**Aim of the task:** Repeat each record exactly as written, and drop any images.

Referring expression grounding data:
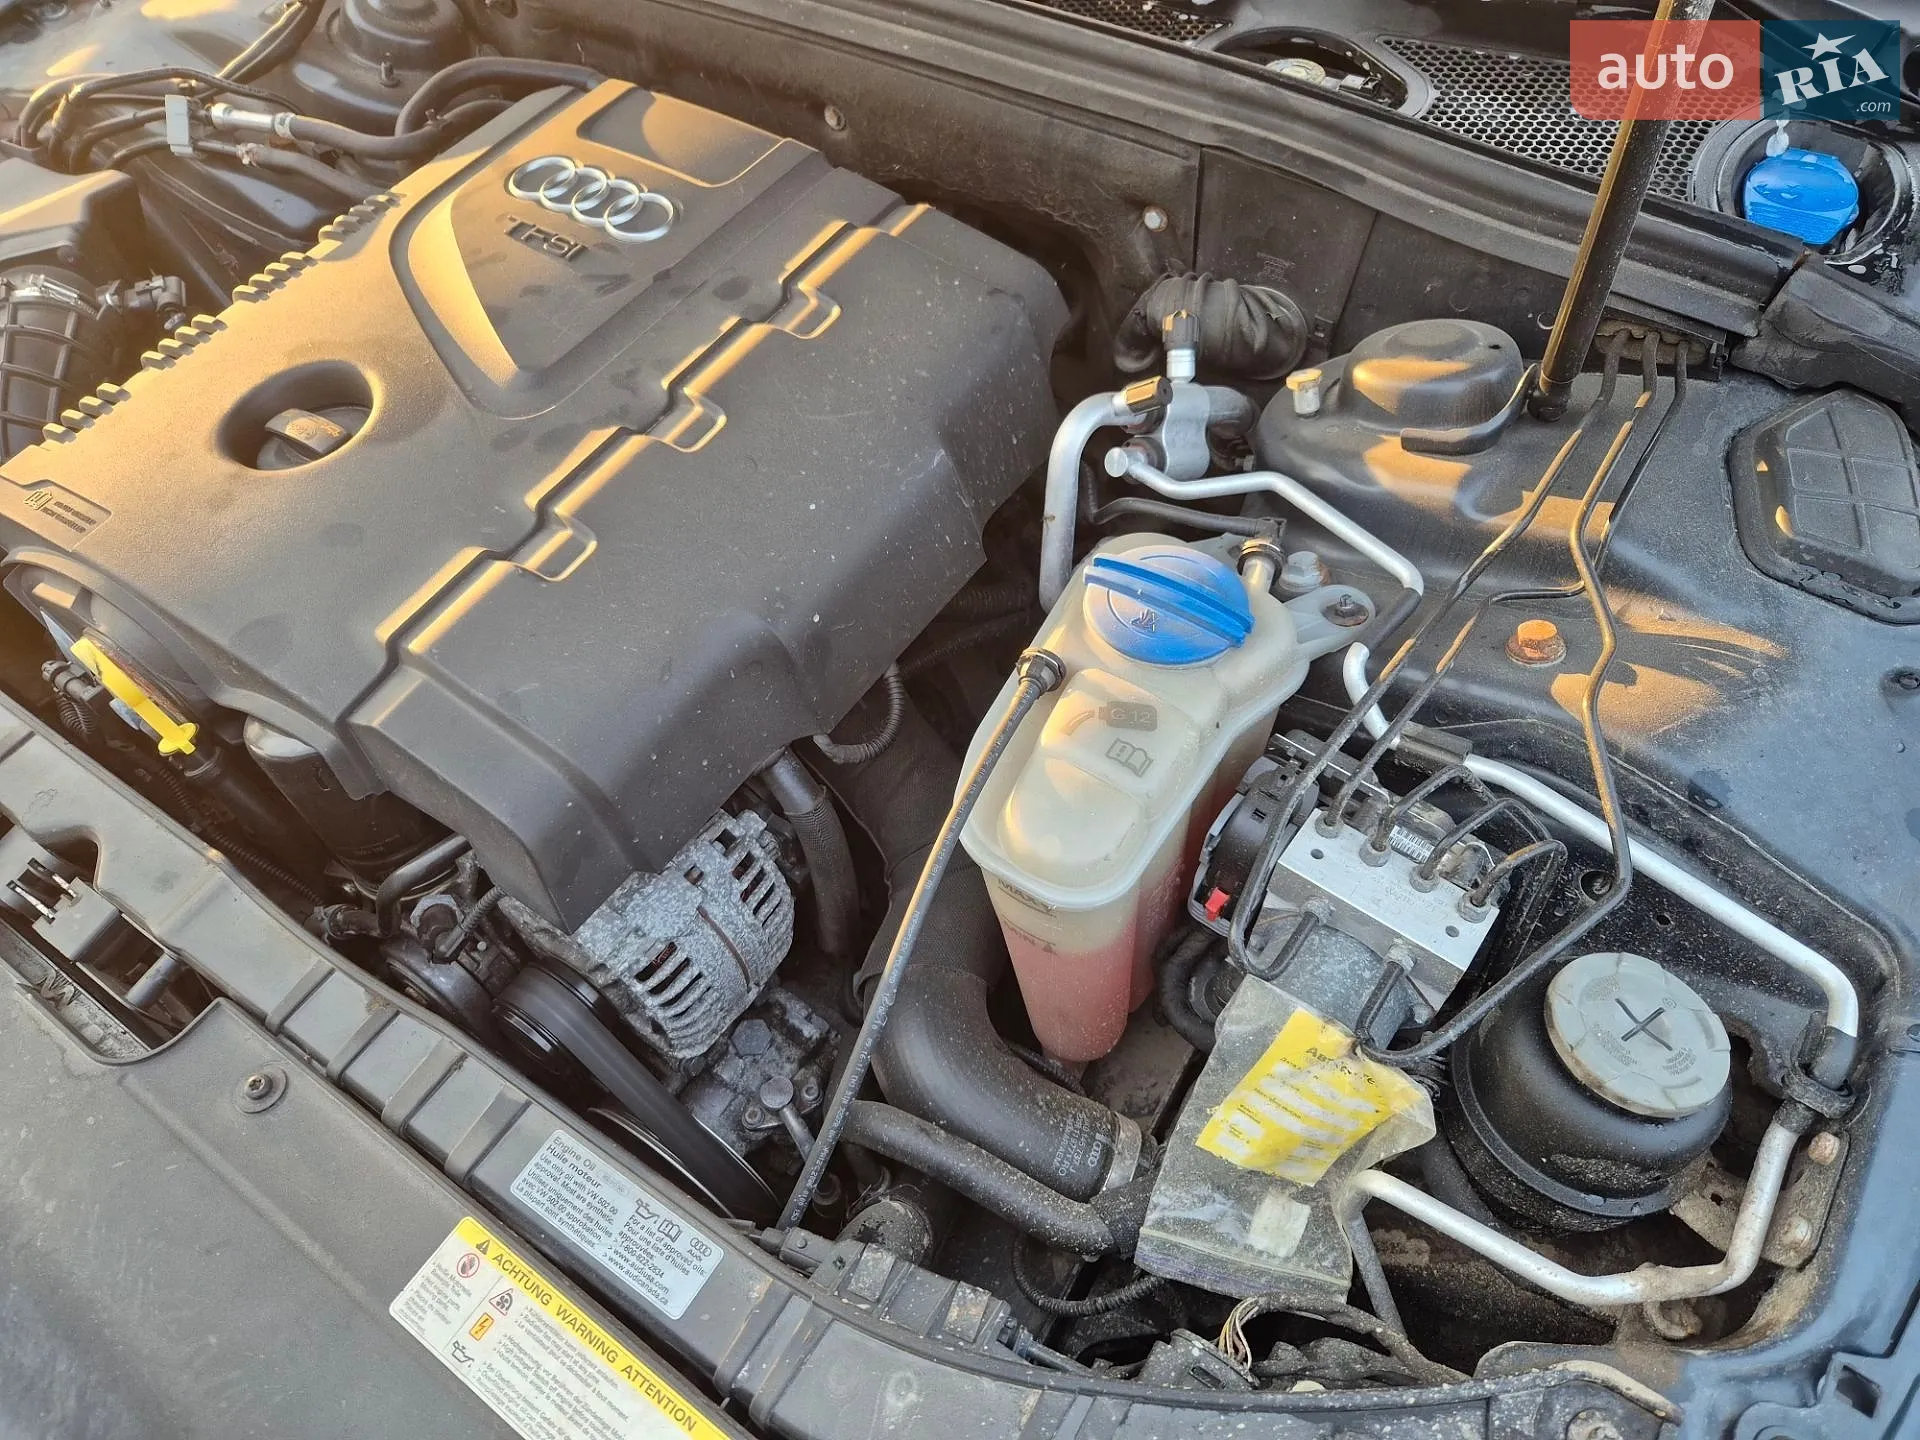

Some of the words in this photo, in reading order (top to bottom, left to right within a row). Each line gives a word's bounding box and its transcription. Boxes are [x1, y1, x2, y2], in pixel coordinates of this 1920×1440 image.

[504, 215, 589, 262] TFSI
[546, 1144, 569, 1164] Huile
[568, 1161, 602, 1189] moteur
[551, 1135, 584, 1163] Engine
[581, 1157, 597, 1171] Oil
[521, 1176, 537, 1190] avec
[535, 1186, 548, 1199] VW
[545, 1194, 559, 1207] 502
[522, 1189, 545, 1209] plupart
[544, 1205, 559, 1219] sont
[539, 1153, 553, 1165] Use
[550, 1161, 566, 1176] only
[563, 1171, 574, 1182] oil
[572, 1178, 587, 1191] with
[585, 1187, 599, 1200] VW
[596, 1196, 610, 1209] 502
[608, 1205, 619, 1216] 00
[560, 1180, 577, 1196] Most
[575, 1193, 587, 1203] are
[546, 1184, 584, 1215] uniquement
[581, 1210, 595, 1223] des
[593, 1219, 613, 1238] huiles
[623, 1221, 640, 1236] Pour
[638, 1233, 652, 1246] une
[650, 1242, 666, 1256] liste
[628, 1214, 641, 1227] For
[644, 1226, 657, 1238] list
[654, 1234, 664, 1244] of
[661, 1239, 693, 1267] approved
[491, 1250, 553, 1306] ACHTUNG
[553, 1304, 619, 1364] WARNING
[619, 1361, 698, 1432] ATTENTION

**Task answer:**
Some of the words in this photo, in reading order (top to bottom, left to right within a row). Each line gives a word's bounding box and its transcription. Boxes are [x1, y1, x2, y2], in pixel coordinates of this 1920×1440 image.

[504, 215, 589, 262] TFSI
[546, 1144, 569, 1164] Huile
[568, 1161, 602, 1189] moteur
[551, 1135, 584, 1163] Engine
[581, 1157, 597, 1171] Oil
[521, 1176, 537, 1190] avec
[535, 1186, 548, 1199] VW
[545, 1194, 559, 1207] 502
[522, 1189, 545, 1209] plupart
[544, 1205, 559, 1219] sont
[539, 1153, 553, 1165] Use
[550, 1161, 566, 1176] only
[563, 1171, 574, 1182] oil
[572, 1178, 587, 1191] with
[585, 1187, 599, 1200] VW
[596, 1196, 610, 1209] 502
[608, 1205, 619, 1216] 00
[560, 1180, 577, 1196] Most
[575, 1193, 587, 1203] are
[546, 1184, 584, 1215] uniquement
[581, 1210, 595, 1223] des
[593, 1219, 613, 1238] huiles
[623, 1221, 640, 1236] Pour
[638, 1233, 652, 1246] une
[650, 1242, 666, 1256] liste
[628, 1214, 641, 1227] For
[644, 1226, 657, 1238] list
[654, 1234, 664, 1244] of
[661, 1239, 693, 1267] approved
[491, 1250, 553, 1306] ACHTUNG
[553, 1304, 619, 1364] WARNING
[619, 1361, 698, 1432] ATTENTION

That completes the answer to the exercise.